You need to draw a line in the sand somewhere, but whatever measure you choose is going to be somewhat arbitrary so I think it's reasonable to have a human make the final call (based on some known criteria).
Then put that on the dashboard! It certainly is an outage for the affected users (by your scenario).
It is frustrating that these pages are not updated in real-time, but I do understand wanting to be sure before publishing a message to your entire userbase that you are experiencing disruptions.
Gee, you mean we just discovered that area where Google admits that either automation or machine learning does not actually work?!
Google doesn't need an internal party to hold responsible for the concerns of free mail users or their own contractors who are called "content creators." In part because Gmail users and YouTubers don't lead fortune 50 companies and play golf with Google Execs like Google Cloud customers do.
https://mobile.twitter.com/uhoelzle/status/13093135569956618...
So, "kind of" confirmed, I think. Assuming a bad update is the most likely culprit for a whole pool of servers to all crash at the same time.
To get ahead of the cynics — it would not serve the least generous of Google's objectives to be less than transparent about downtime — people figuring it out while the dashboard is green looks much worse.

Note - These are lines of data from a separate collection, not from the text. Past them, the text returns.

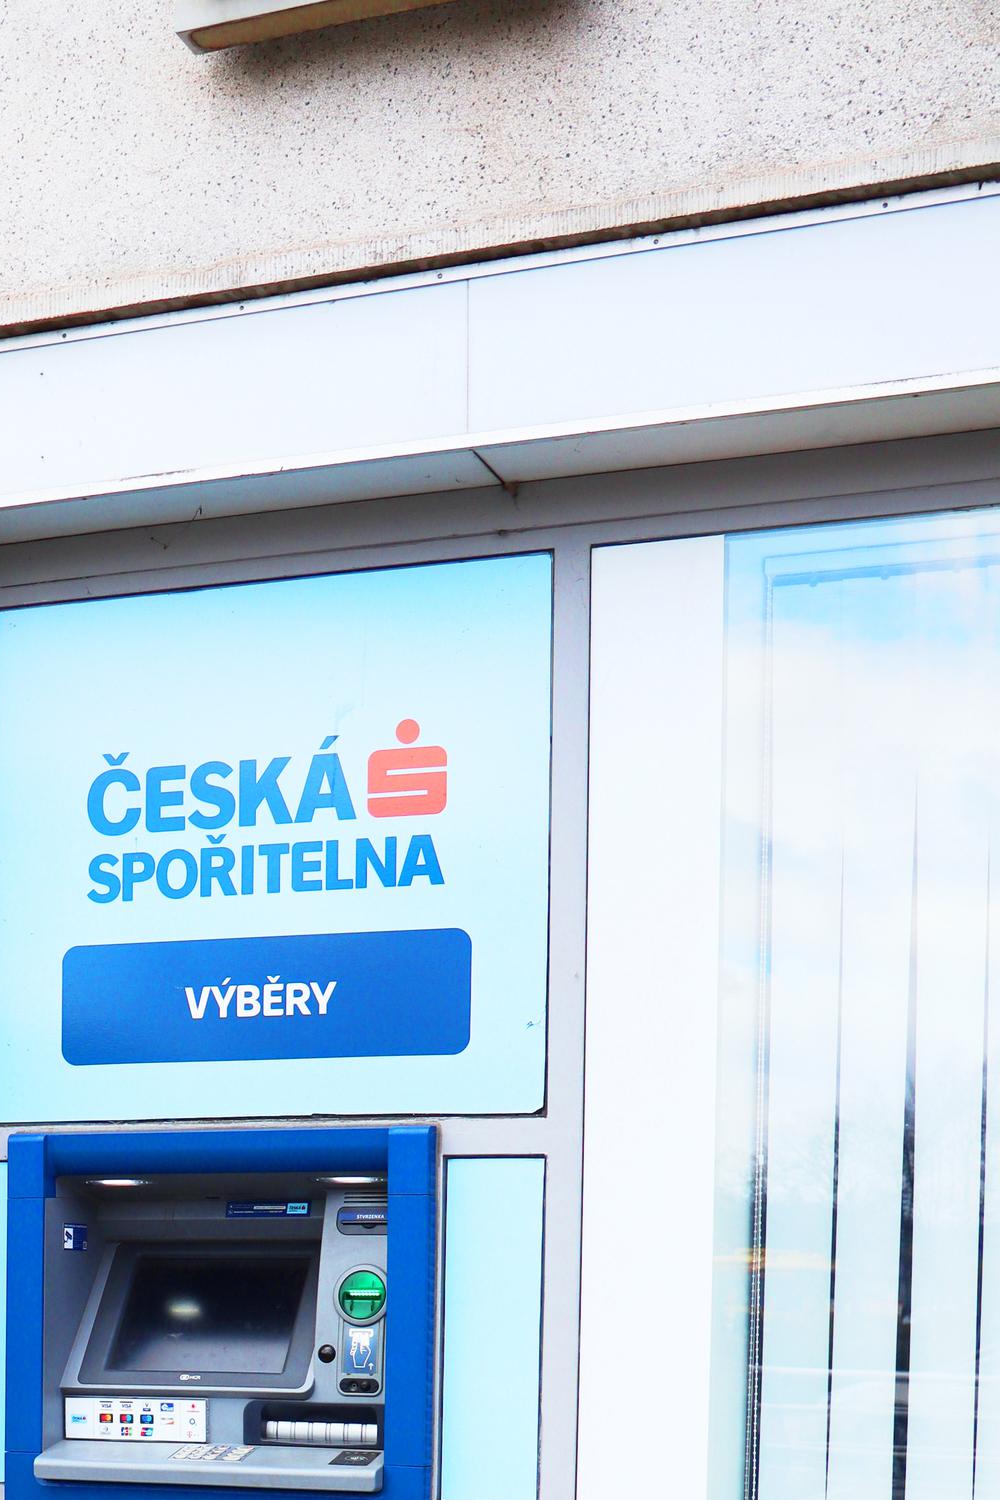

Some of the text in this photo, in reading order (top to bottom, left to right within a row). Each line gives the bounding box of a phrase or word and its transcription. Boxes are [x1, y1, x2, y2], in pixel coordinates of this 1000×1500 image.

[87, 734, 357, 836] ČESKÁ
[87, 834, 445, 903] SPOŘITELNA
[185, 975, 338, 1019] VÝBĚRY
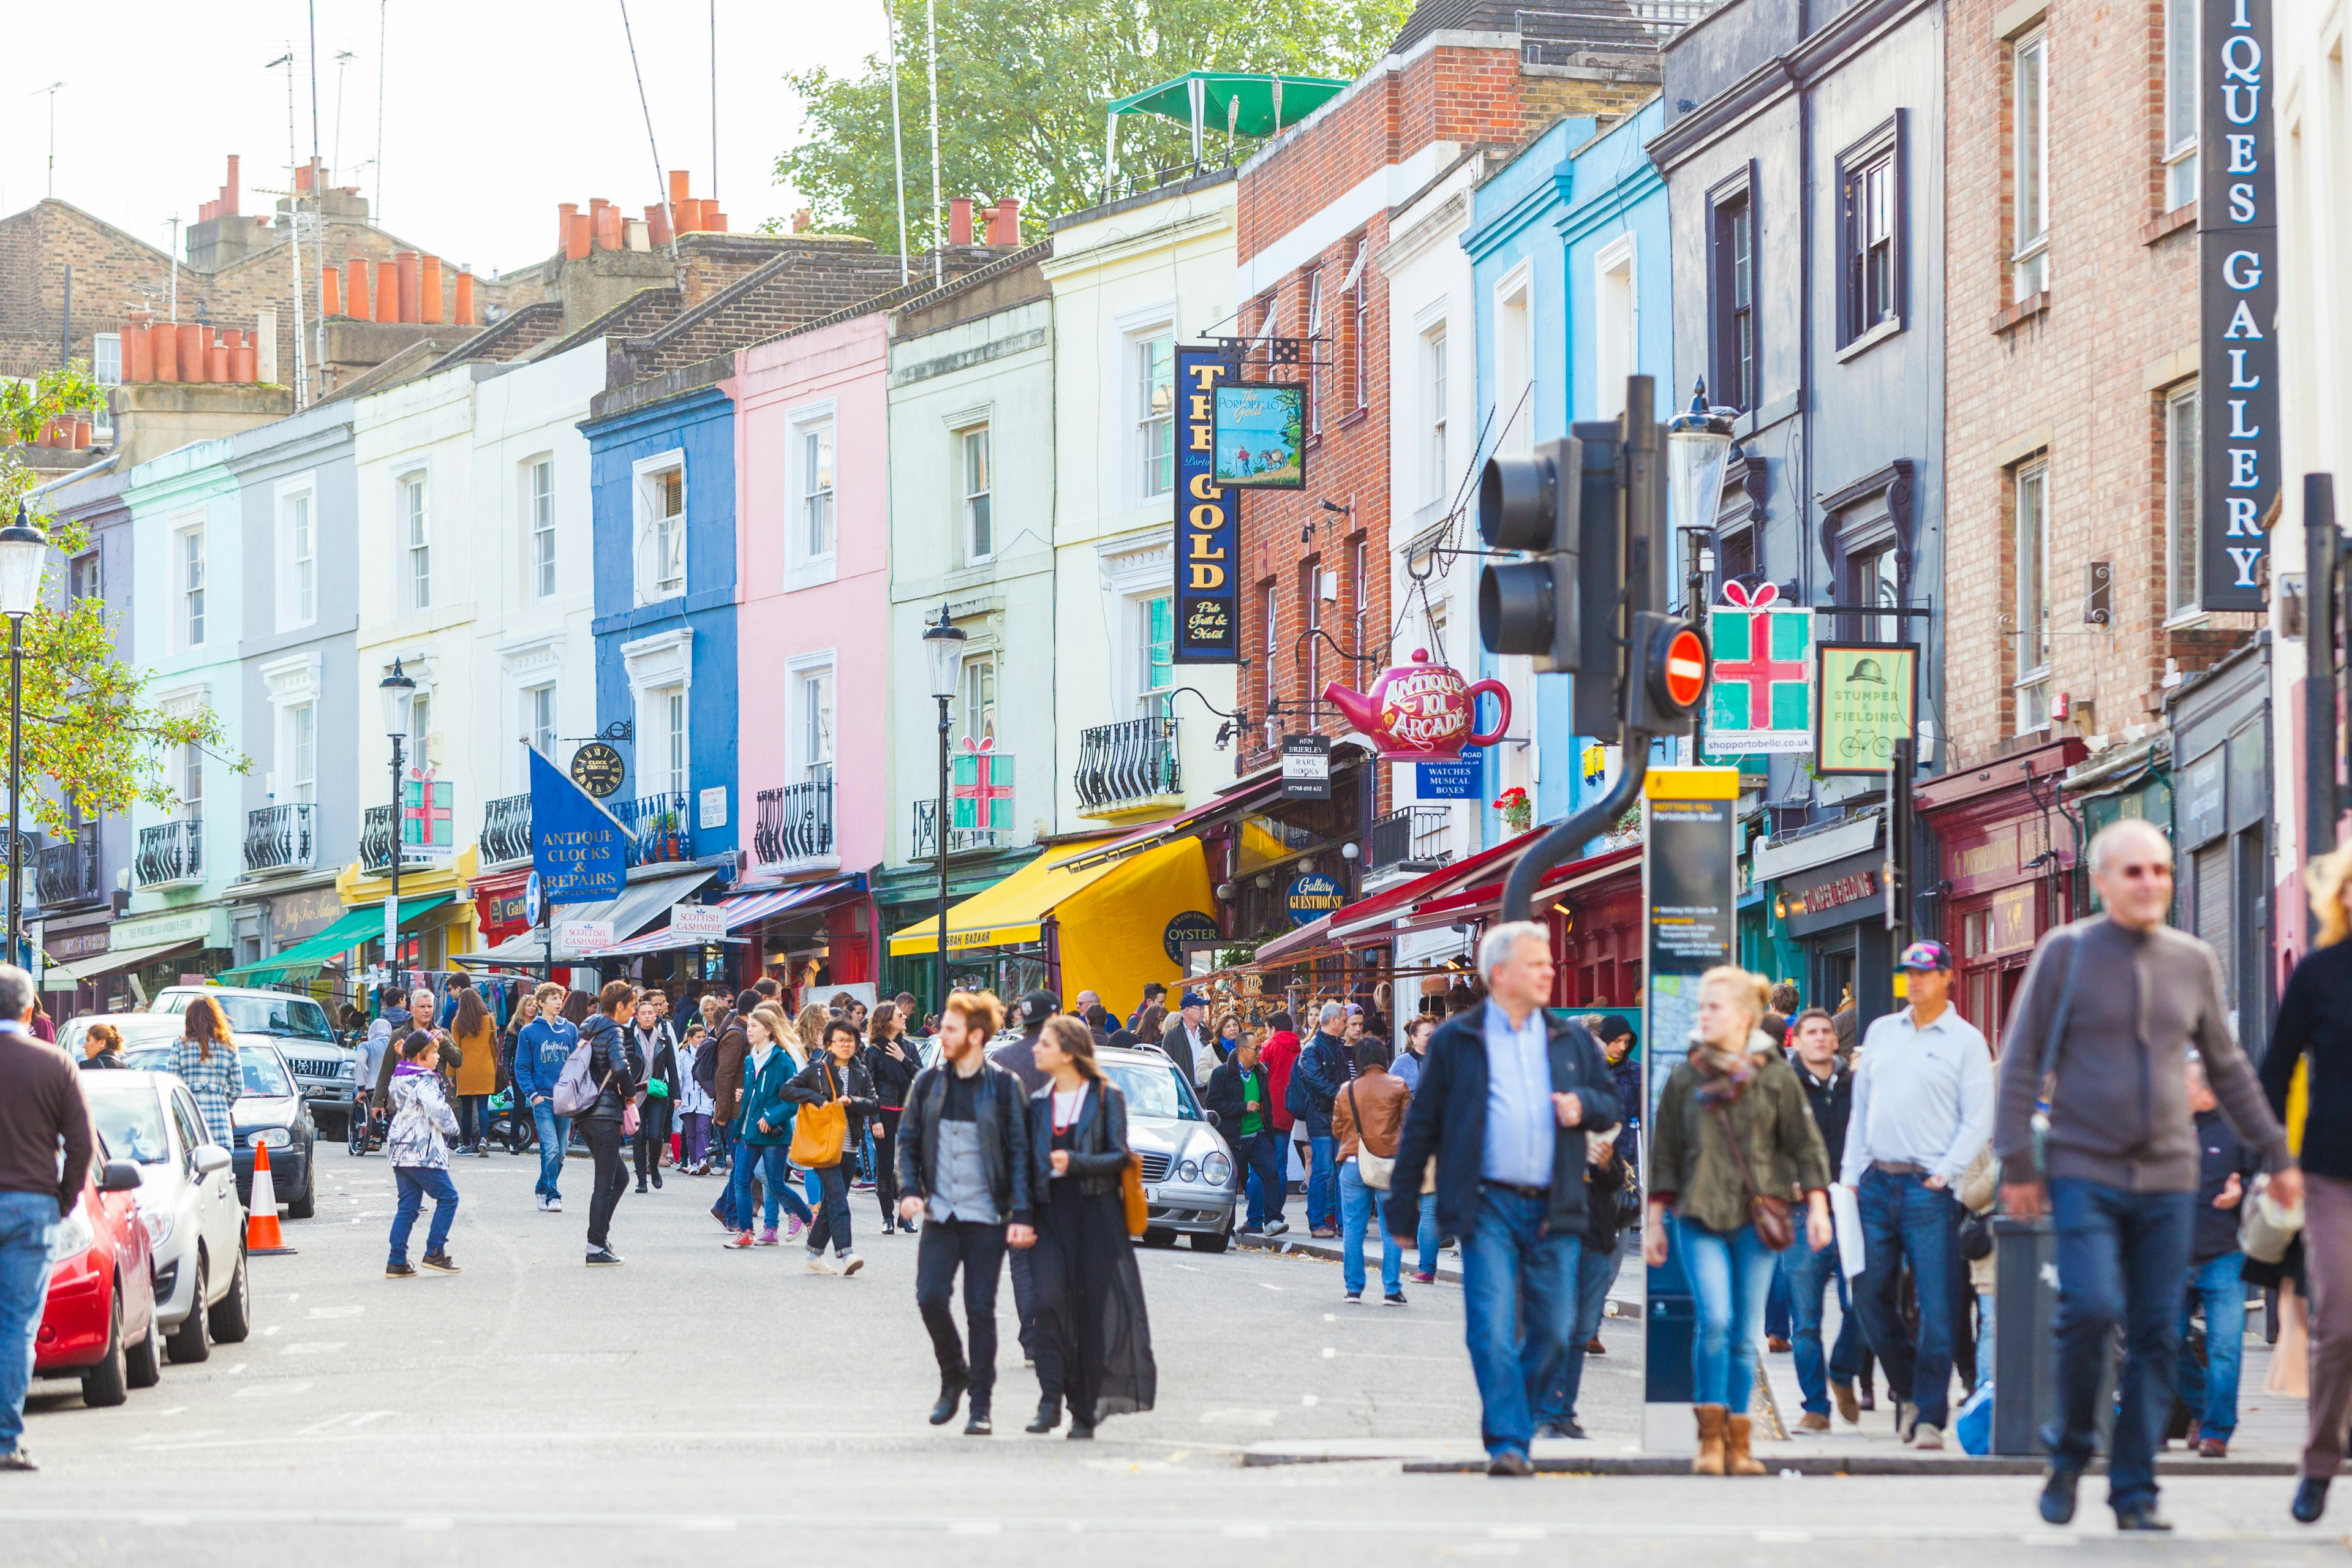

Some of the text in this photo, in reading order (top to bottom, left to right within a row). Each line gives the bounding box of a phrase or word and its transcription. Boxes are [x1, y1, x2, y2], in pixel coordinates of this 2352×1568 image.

[1243, 390, 1259, 404] The
[1234, 404, 1264, 424] Gold
[2223, 251, 2264, 588] GALLERY
[1184, 455, 1210, 466] Porto
[1189, 473, 1224, 589] GOLD
[1196, 601, 1221, 612] Pub
[1188, 614, 1228, 628] Grill &
[1191, 627, 1225, 639] Hotel
[1381, 670, 1466, 714] ANTIQUE
[1834, 691, 1899, 701] STUMPER
[1421, 694, 1449, 717] 101
[1834, 712, 1899, 722] FIELDING
[1389, 706, 1468, 744] ARCADE
[1709, 738, 1809, 750] shopportobello.co.uk
[701, 804, 726, 815] PORTOBELLO
[703, 816, 714, 826] ROAD
[543, 830, 614, 845] ANTIQUE
[548, 846, 610, 862] CLOCKS
[574, 862, 586, 872] &
[547, 872, 616, 888] REPAIRS
[1298, 877, 1335, 899] Gallery
[1290, 895, 1343, 909] GUESTHOUSE
[680, 913, 718, 922] SCOTTISH
[677, 923, 722, 932] CASHMERE
[1169, 929, 1216, 940] OYSTER
[937, 931, 990, 948] SBAH BAZAAR
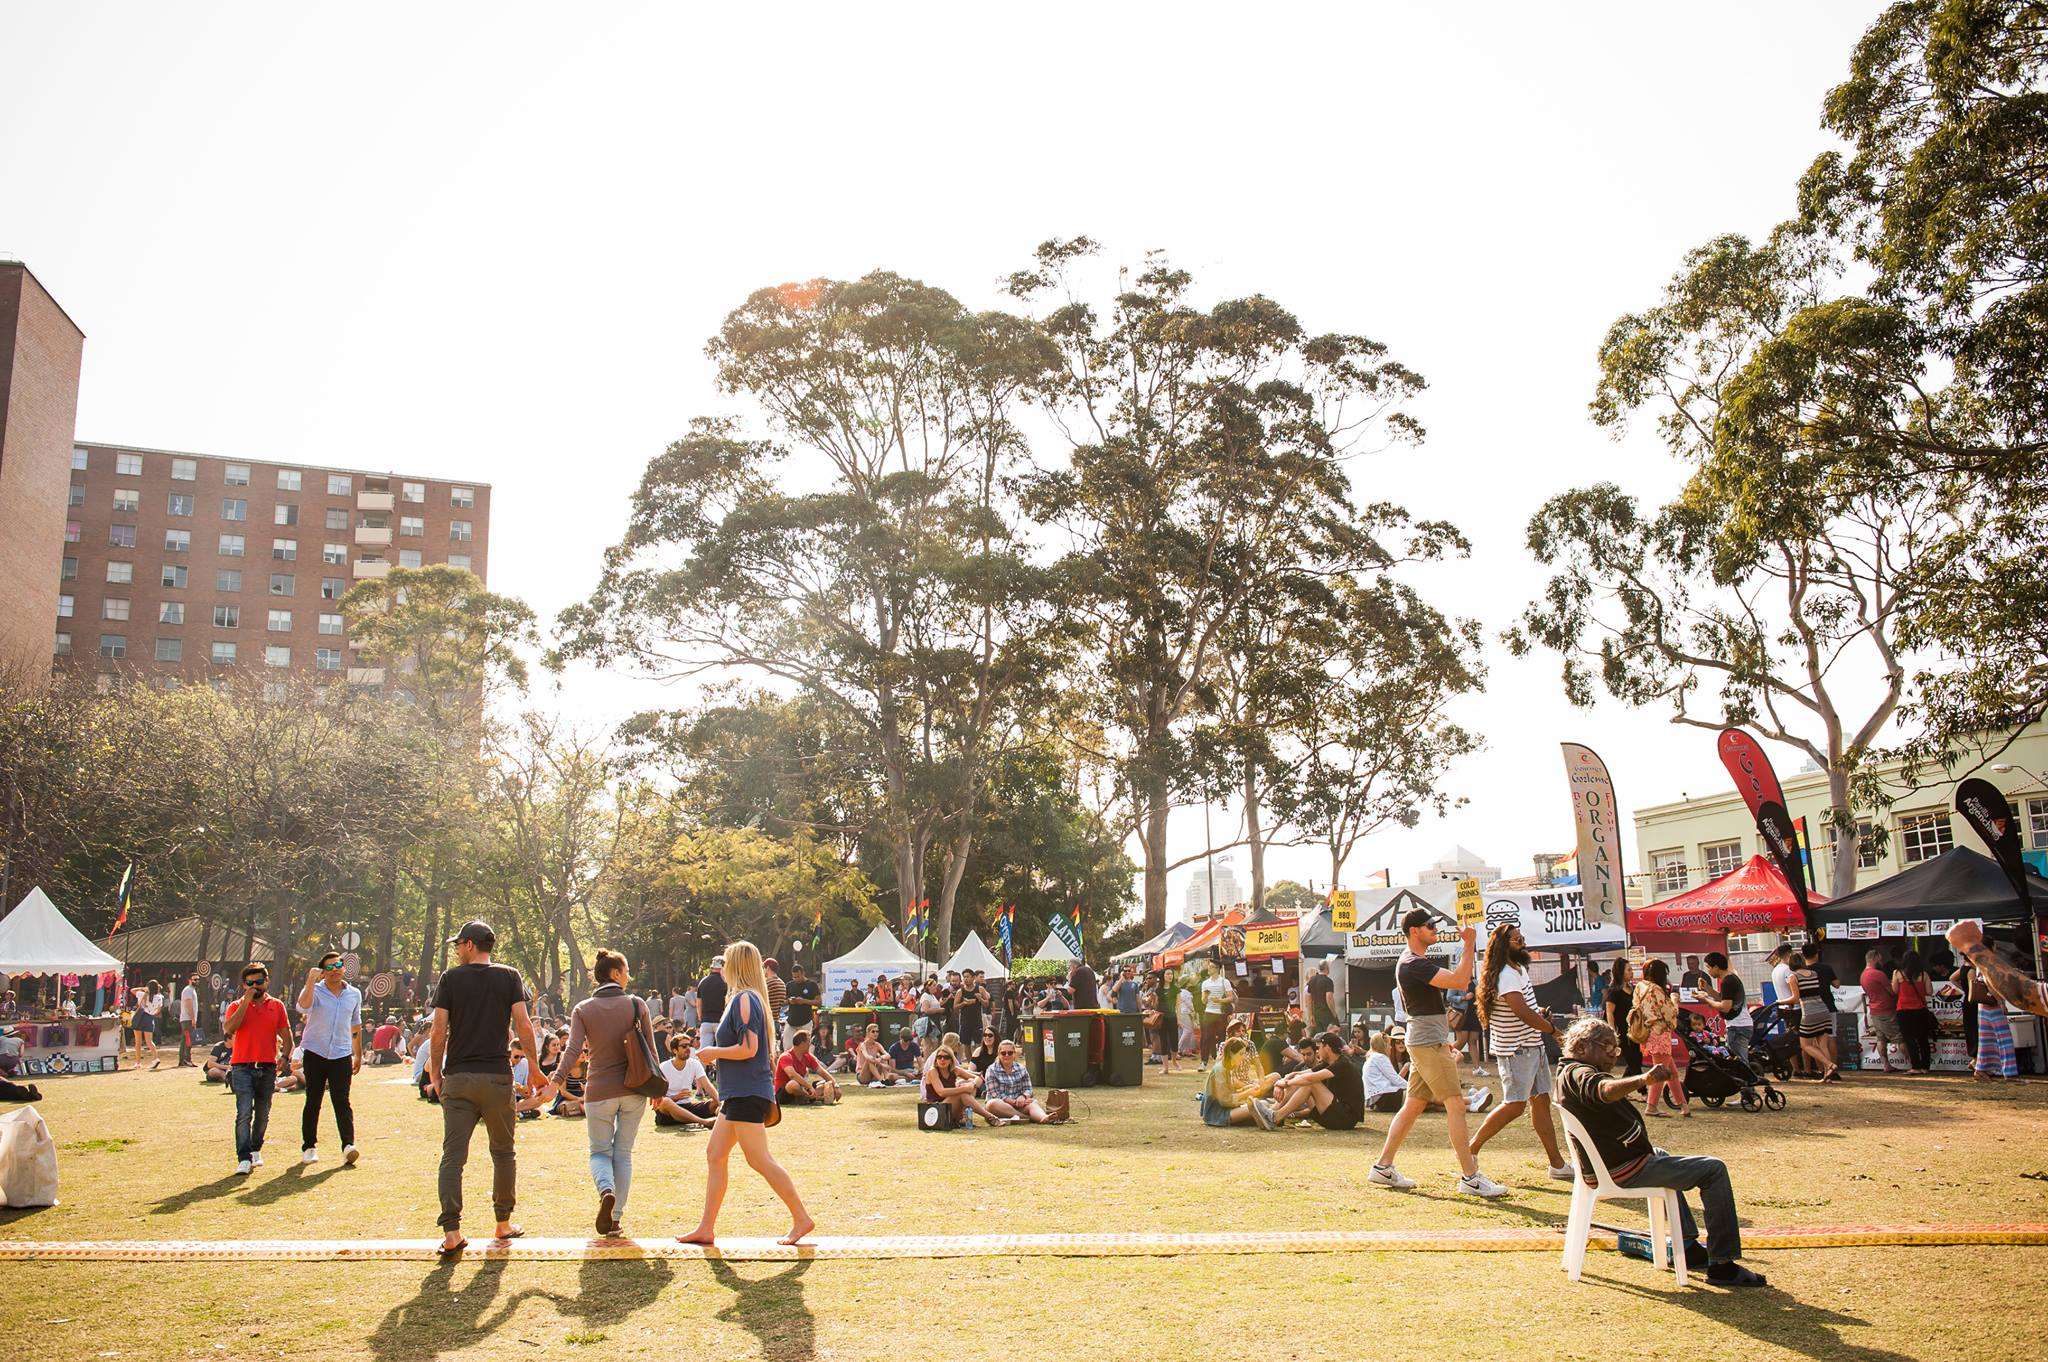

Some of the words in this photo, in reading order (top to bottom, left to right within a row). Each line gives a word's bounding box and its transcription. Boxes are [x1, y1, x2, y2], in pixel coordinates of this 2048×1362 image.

[1605, 793, 1614, 832] Flour
[1586, 790, 1614, 916] ORGANIC
[1460, 881, 1475, 890] COLD
[1457, 889, 1479, 898] DRINKS
[1463, 902, 1475, 911] BBQ
[1531, 894, 1564, 911] NEW
[1457, 911, 1484, 921] Brtwurst
[1656, 912, 1712, 929] Gourmet
[1715, 907, 1773, 925] Gozleme
[1333, 921, 1355, 930] Kransky
[1258, 931, 1283, 943] Paella
[1353, 933, 1371, 948] The
[1371, 930, 1407, 946] Sauerk
[1927, 998, 1963, 1009] chino
[1938, 1057, 1970, 1065] Americ

A lot of customers judge their perception of the severeness of an issue based on the service dashboard. That's why the dashboard makes everything look more rosy than reality.
Every time it says "some customers may be experiencing elevated latency", it usually means "all customers are seeing all requests timeout, and the only ones who aren't are the ones not using the service right now".
Yes seriously - when they say "<5% of users are having trouble accessing Gmail" they are calculating that based on the percentage of all Gmail accounts which have seen an error. Obviously the vast majority of accounts are inactive at any one time, so aren't seeing anything...
Also SLAs and service credits are tied to these official notices which causes even more delay before status updates are approved.
I think I'd prefer a status page that reflected that, or even no status page at all with an explanation, rather than a lying one, though.
The on-caller for the specific service decides on how to produce.
The status dashboard is something which will be (manually, yes by hand) updated by an operations employee, who is a couple of layers behind the actual SWE/SRE who gets the page.
It's complicated, and the human factor is massive in an unpredicted scenario.
I'm an IM myself, and regularly have to make the call regarding status updates, and also seen how other companies do it.
One of my favourites was a big it infra company sending a notification about an outage 6 hours after the event, after we opened and resolved a ticket with them. Was actually pretty useful but made me laugh all the same
All my mail sync is down, Analytics isn't loading, Sheets and Docs are all stuck in "Reconnecting". I wonder what could cause this.
"a pool of servers that route traffic to application backends crashed"
Although I'm not sure if this is what stack exchange actually uses or if there's some private API for big partners.
For example, if you type a search in the homepage or address bar, you start getting suggestions instantaneously. Think about this... if Google decided to only give you suggestions every second keypress, or every third keypress, would you really notice?
There are two mechanisms helping keep search up when considering ads:
-> Search engine pages can be served w/ no ads, or even no personalization if components are down or lagging
-> Ad logs can be lost if necessary, since we'd under-bill in that case, which would be our own problem. That happened a small handful of times while I was there.
The billing system is indeed transactional, but has less need for 100% up-time and 0 latency in comparison to search. Not nearly as big of a deal if there's an hour delay on billing ads as compared to search being down for an hour.
It annoys me a lot that Google doesn't use the "real" URL in their search result links.